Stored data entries
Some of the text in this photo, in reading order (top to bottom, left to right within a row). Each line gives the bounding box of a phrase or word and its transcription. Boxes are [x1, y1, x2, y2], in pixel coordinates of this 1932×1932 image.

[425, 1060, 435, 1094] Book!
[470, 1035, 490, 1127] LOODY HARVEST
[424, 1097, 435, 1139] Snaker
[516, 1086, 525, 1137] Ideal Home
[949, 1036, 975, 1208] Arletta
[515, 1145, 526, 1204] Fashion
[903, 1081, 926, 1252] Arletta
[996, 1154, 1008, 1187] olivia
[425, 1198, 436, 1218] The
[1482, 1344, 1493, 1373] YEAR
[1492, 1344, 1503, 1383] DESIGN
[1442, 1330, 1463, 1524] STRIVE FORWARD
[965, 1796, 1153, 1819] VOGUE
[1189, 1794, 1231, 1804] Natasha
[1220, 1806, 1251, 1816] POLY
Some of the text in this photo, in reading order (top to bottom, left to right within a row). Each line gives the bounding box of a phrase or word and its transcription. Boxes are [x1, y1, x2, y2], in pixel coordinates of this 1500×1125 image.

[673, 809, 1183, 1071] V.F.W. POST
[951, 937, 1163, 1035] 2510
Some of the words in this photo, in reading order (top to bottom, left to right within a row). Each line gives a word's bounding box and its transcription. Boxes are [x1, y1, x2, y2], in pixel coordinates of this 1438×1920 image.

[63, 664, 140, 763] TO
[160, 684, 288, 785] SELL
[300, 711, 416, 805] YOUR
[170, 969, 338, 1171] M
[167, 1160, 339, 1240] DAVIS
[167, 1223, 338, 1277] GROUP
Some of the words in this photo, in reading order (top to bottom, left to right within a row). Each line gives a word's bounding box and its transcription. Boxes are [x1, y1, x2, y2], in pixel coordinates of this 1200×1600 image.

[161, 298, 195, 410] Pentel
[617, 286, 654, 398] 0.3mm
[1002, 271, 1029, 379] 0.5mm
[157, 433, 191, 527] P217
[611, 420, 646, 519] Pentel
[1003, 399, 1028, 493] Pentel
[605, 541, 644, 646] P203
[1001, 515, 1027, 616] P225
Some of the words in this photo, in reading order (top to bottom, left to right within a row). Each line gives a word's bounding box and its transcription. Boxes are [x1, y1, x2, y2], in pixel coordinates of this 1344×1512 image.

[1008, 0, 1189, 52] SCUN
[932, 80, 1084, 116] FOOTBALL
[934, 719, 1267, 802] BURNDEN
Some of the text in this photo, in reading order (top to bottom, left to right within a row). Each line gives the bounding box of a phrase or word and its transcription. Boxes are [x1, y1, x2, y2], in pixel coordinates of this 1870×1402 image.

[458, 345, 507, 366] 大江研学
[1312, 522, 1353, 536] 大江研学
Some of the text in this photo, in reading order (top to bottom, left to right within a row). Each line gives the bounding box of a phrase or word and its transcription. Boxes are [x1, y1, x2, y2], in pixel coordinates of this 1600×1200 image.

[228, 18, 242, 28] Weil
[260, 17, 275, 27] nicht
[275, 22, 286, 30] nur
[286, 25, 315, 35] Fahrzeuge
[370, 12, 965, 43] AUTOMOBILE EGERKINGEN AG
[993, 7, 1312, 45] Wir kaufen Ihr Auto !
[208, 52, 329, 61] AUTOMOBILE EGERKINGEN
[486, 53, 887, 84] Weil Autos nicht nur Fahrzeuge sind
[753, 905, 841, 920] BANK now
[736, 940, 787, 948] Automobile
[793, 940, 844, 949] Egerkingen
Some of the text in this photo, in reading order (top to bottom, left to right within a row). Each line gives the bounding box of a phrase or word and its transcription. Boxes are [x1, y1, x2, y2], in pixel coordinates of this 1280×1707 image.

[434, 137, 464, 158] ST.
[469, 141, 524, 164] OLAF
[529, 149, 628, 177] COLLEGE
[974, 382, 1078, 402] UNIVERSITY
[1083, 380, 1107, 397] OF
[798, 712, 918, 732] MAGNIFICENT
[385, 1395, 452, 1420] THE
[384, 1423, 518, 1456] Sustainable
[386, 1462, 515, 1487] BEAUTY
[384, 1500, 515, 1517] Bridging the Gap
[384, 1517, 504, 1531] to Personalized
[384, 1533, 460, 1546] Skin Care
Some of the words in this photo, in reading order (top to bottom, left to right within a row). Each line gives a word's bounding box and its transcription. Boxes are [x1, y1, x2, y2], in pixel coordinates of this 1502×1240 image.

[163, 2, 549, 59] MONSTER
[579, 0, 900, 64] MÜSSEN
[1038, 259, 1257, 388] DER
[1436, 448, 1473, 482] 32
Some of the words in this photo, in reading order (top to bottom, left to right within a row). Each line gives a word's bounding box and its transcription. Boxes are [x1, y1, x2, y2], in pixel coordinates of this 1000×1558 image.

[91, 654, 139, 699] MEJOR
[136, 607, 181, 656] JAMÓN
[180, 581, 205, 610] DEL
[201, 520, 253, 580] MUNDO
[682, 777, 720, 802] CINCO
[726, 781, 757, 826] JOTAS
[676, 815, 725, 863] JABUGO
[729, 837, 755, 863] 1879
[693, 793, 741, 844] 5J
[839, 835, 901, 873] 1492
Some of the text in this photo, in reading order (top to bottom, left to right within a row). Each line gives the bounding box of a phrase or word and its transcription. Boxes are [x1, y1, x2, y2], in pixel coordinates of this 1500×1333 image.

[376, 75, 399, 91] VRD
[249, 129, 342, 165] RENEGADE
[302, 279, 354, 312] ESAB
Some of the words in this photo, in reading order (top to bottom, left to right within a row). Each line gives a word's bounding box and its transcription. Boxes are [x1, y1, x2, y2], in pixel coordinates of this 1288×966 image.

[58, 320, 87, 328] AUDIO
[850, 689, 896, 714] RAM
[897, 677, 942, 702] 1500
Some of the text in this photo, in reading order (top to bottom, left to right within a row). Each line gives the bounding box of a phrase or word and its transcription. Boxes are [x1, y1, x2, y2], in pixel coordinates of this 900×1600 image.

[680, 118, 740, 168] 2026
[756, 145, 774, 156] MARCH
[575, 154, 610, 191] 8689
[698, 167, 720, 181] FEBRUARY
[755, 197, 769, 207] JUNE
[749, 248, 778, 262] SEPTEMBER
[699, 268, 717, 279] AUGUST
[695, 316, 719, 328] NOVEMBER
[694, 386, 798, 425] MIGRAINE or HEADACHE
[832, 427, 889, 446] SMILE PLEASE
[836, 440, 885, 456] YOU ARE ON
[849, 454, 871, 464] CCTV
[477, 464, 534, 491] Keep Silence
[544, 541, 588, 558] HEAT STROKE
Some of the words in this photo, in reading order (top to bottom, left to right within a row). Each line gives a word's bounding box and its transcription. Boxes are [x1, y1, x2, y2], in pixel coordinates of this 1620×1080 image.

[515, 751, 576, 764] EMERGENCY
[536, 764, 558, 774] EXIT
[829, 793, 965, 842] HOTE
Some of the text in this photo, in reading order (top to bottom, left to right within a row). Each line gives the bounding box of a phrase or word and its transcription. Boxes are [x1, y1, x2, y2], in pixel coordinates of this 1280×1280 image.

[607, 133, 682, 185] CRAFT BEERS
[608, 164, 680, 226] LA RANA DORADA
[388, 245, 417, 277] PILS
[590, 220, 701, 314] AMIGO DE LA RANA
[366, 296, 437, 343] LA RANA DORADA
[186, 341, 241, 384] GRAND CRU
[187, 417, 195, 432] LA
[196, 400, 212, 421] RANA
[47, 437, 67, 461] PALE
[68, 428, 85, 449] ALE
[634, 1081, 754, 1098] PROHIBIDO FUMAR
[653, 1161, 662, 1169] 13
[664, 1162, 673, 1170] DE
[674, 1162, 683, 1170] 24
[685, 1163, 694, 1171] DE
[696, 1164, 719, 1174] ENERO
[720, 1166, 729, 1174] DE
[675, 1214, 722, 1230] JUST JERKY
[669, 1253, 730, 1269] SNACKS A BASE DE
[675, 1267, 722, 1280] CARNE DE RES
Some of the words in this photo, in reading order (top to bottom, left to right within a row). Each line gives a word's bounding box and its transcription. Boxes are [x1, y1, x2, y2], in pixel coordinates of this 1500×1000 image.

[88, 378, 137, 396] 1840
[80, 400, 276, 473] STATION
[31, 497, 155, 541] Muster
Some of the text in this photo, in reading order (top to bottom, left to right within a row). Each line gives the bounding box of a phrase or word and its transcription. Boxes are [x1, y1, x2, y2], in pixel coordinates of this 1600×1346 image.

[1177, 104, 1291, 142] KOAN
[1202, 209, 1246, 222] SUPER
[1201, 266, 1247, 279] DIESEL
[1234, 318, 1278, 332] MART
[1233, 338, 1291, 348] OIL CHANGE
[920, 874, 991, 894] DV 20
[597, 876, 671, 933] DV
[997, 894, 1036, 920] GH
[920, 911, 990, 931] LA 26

■ **WHAT NEEDS TO BE DONE**
The output consists solely of the lines from the line that contains "this 1500×1000 image." through the final line of the data.

■ **WRITTEN ANSWER**
Some of the words in this photo, in reading order (top to bottom, left to right within a row). Each line gives a word's bounding box and its transcription. Boxes are [x1, y1, x2, y2], in pixel coordinates of this 1500×1000 image.

[88, 378, 137, 396] 1840
[80, 400, 276, 473] STATION
[31, 497, 155, 541] Muster
Some of the text in this photo, in reading order (top to bottom, left to right within a row). Each line gives the bounding box of a phrase or word and its transcription. Boxes are [x1, y1, x2, y2], in pixel coordinates of this 1600×1346 image.

[1177, 104, 1291, 142] KOAN
[1202, 209, 1246, 222] SUPER
[1201, 266, 1247, 279] DIESEL
[1234, 318, 1278, 332] MART
[1233, 338, 1291, 348] OIL CHANGE
[920, 874, 991, 894] DV 20
[597, 876, 671, 933] DV
[997, 894, 1036, 920] GH
[920, 911, 990, 931] LA 26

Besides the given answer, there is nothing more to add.